The 2020–21 Thai League 2 is the 23nd season of the Thai League 2, the second-tier professional league for Thailand's association football clubs, since its establishment in 1997, also known as M-150 Championship due to the sponsorship deal with M-150. A total of 18 teams will compete in the league.

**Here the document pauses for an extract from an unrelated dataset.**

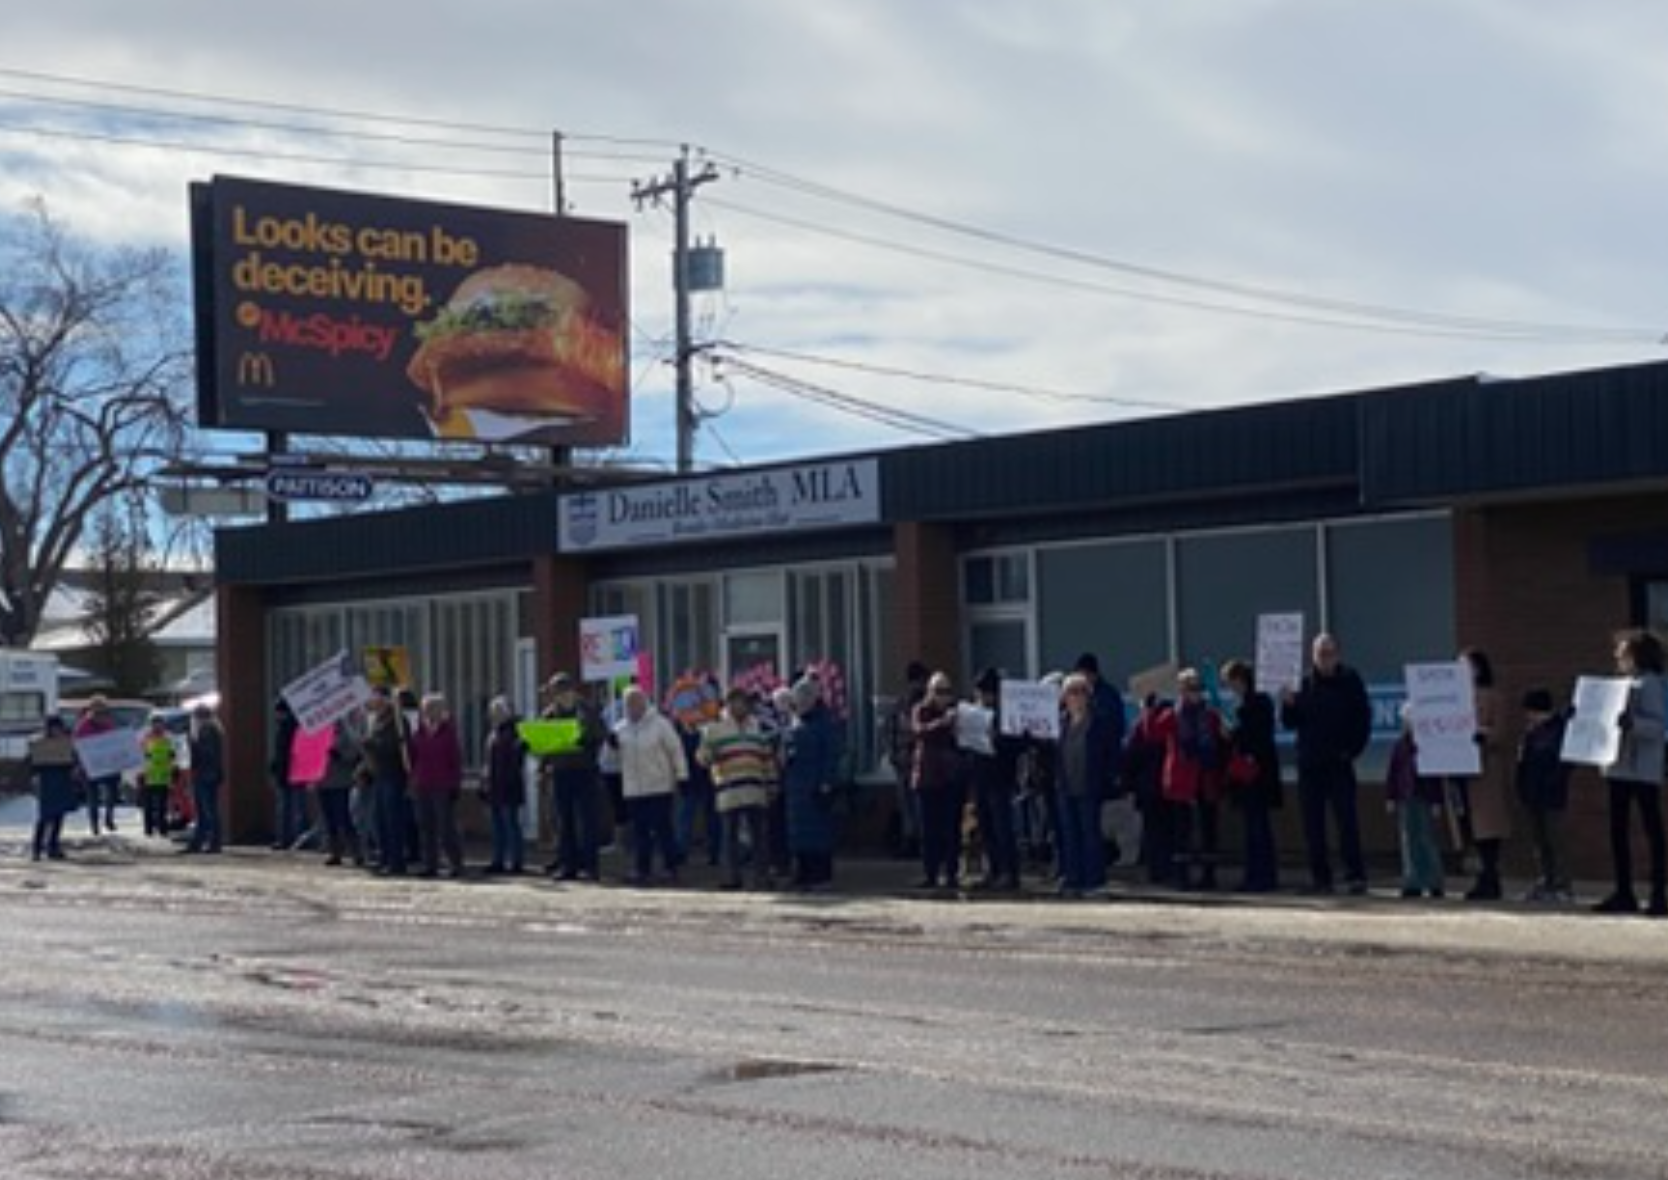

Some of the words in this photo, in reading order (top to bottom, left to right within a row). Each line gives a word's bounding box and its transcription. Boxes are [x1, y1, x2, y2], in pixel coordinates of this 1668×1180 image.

The season began on 14 February 2020 and is scheduled to conclude on 31 March 2021.

For this season two teams in the final table (champion and runner up) directly promoted to Thai League 1 next season while teams ranked 3rd - 6th qualified in play off for last spot in top tier next season.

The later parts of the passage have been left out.